SaaS discovery aurora

Founded in 1891, the City of Aurora, Colorado, was once a small frontier town primarily home to ranchers and farmers.

Spurred by the growth of neighboring Denver and the development of industries such as aerospace, defense, and health care, more than 374,000 people now call Aurora home.

A Thriving City, Increased Need for Accountability

With any municipality, managing finances, purchasing, and services amongst multiple teams and departments is a challenge. And the greater the size and the faster the growth, the greater the challenge.

Aurora, in particular, prides itself on transparency and accountability to its taxpayers. For example, all city expenditures are available to be viewed on its website so taxpayers can see exactly where their tax dollars go.

It’s in this spirit of transparency that Aurora recently undertook a broad effort to examine procurement processes and overall financial record-keeping. The goal: Drive maximum value for taxpayers from all municipal spending. This effort spanned the nearly two dozen city departments, including its IT team.

Aurora’s IT department challenged itself to discover any and all software-as-a-service subscriptions (SaaS) active within the municipality’s teams and organize them into a single system of record to enable improved strategic and financial decision-making.

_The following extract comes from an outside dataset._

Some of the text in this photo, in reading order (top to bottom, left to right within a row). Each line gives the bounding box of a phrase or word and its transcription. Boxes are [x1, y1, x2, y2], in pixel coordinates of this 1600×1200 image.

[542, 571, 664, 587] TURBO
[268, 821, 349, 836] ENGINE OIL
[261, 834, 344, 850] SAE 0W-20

“In any resource-constrained environment, you have to ensure financial accountability and value for every purchase,” says Aurora’s Chief Information Officer Aleta Jeffress.

Transparency Defined

By partnering with Zylo and applying its SaaS discovery engine, Aurora’s IT team unlocked a new transparent view of the SaaS tools in use throughout the city’s offices.

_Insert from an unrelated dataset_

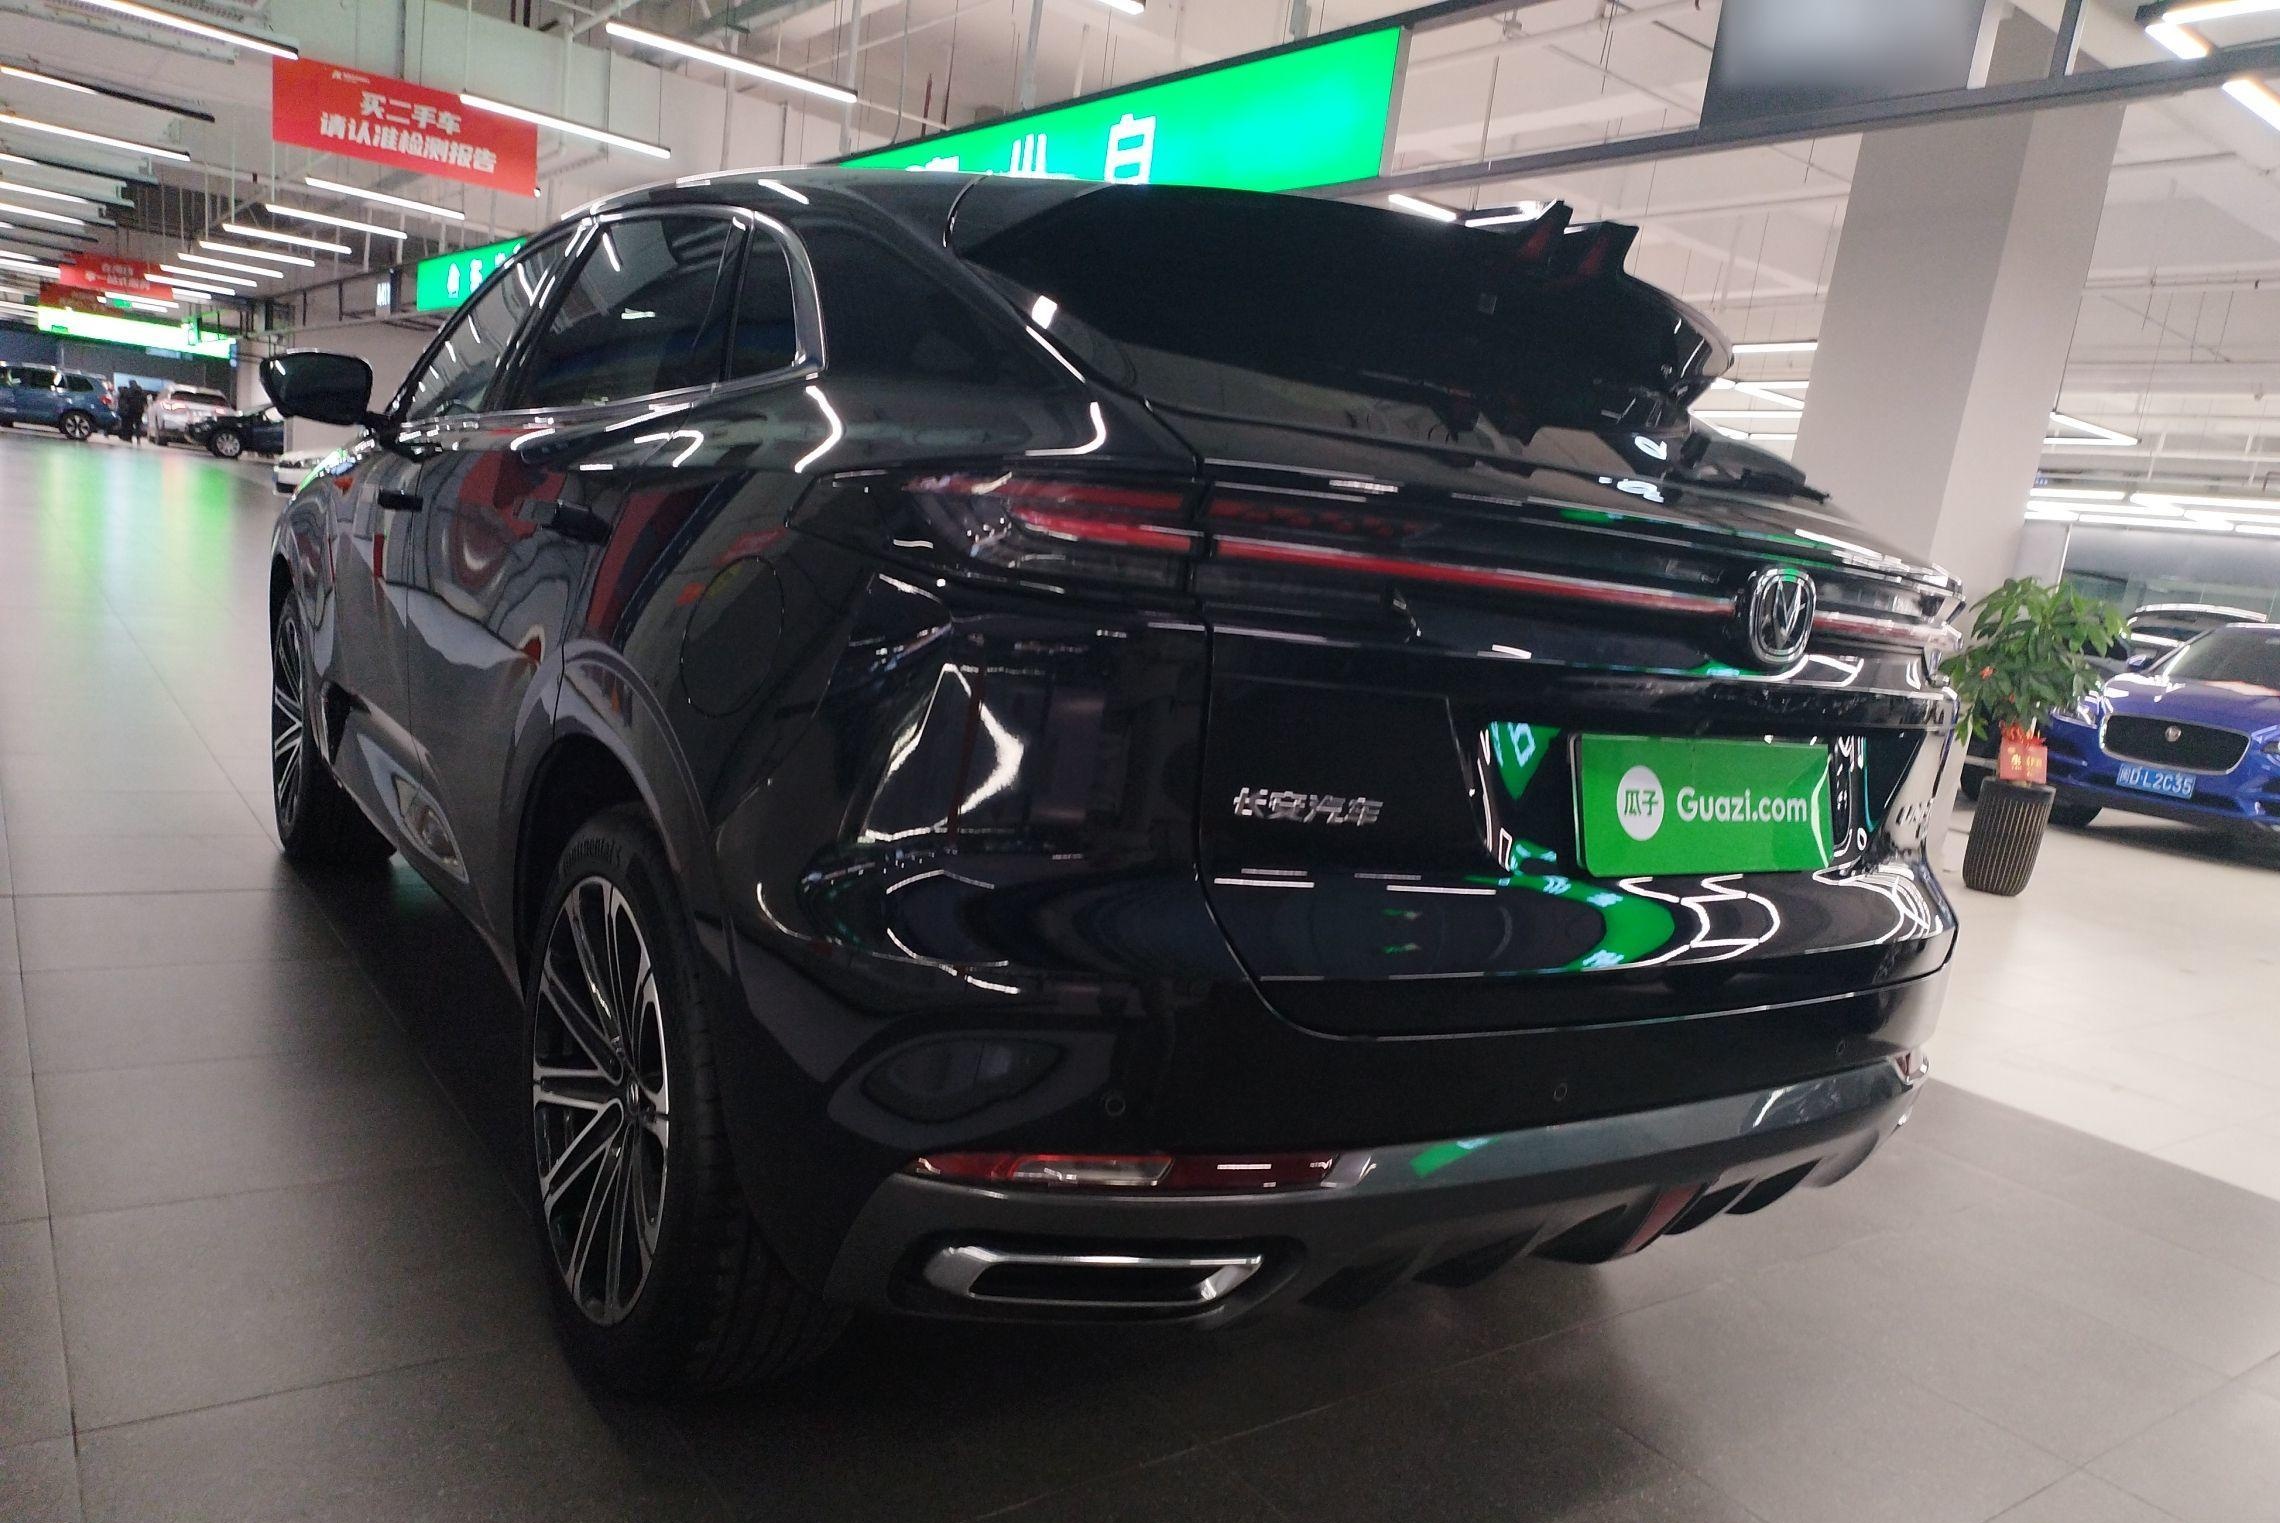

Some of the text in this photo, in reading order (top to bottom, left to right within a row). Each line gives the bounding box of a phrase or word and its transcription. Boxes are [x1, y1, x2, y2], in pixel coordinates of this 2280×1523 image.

[361, 90, 462, 135] 买二手车
[320, 112, 496, 173] 请认准检测报告
[1233, 787, 1383, 826] 长安汽车
[1623, 786, 1807, 823] 瓜子 Guazi.com

According to Zylo customer data, many organizations underestimate the number of SaaS applications by two to three times, which creates obvious difficulties for promoting transparency and accountability.

As a result of the discovery process, Aurora’s IT team identified approximately 200 unique cloud-based applications in 20 city departments. When combined, these applications represented spending of more than $4 million each year.

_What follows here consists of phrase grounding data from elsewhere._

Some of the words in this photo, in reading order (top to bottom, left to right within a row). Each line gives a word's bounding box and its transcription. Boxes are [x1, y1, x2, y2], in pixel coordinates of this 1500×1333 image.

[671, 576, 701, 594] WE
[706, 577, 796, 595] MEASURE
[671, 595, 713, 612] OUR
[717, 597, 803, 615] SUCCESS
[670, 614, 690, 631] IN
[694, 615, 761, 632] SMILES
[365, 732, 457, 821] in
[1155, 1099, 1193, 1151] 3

While this spending represented only a portion of the more than $600 million in total the city spends in a typical year on everything from new construction to water rights to payroll, Jeffress says accountability drives the decision-making for every transaction, no matter how large or small.

“For spending in smaller government organizations, accountability becomes increasingly important. You must ensure you communicate where the money is going and what it’s being spent on,” she says.

In several instances, Jeffress and her team were able to recommend that teams or offices consolidate SaaS applications with redundant functions. The discovery process also helped drive awareness around the value of a centralized SaaS sourcing process for applications deployed to multiple teams or departments.

“We’re now seeing all [SaaS] purchases and being able to talk to the employees about them. Step one is always awareness, and then you have to educate your users about the process, Jeffress says.

“Now, if we find disparate things or if somebody comes to the table and says I want to buy a hundred software licenses for my team, we have a process to evaluate that.”

SaaS Discovery Establishes Foundation for Collaboration

The process of discovering and accounting for all the municipality’s SaaS purchases yielded another important benefit: The opportunity to collaborate across teams and standardize spending definitions.

One of the difficulties in analyzing spending data across large organizations is the lack of standard definitions for subscription-based software. According to Zylo data, more than 50% of SaaS spend occurs outside known software expense types.

For example, with the help of Zylo’s discovery engine and system of record, Jeffress and the IT team found that a SaaS application employed by its public libraries to monitor resource check-outs was labeled under a “dues and subscriptions” expense type rather than “software.”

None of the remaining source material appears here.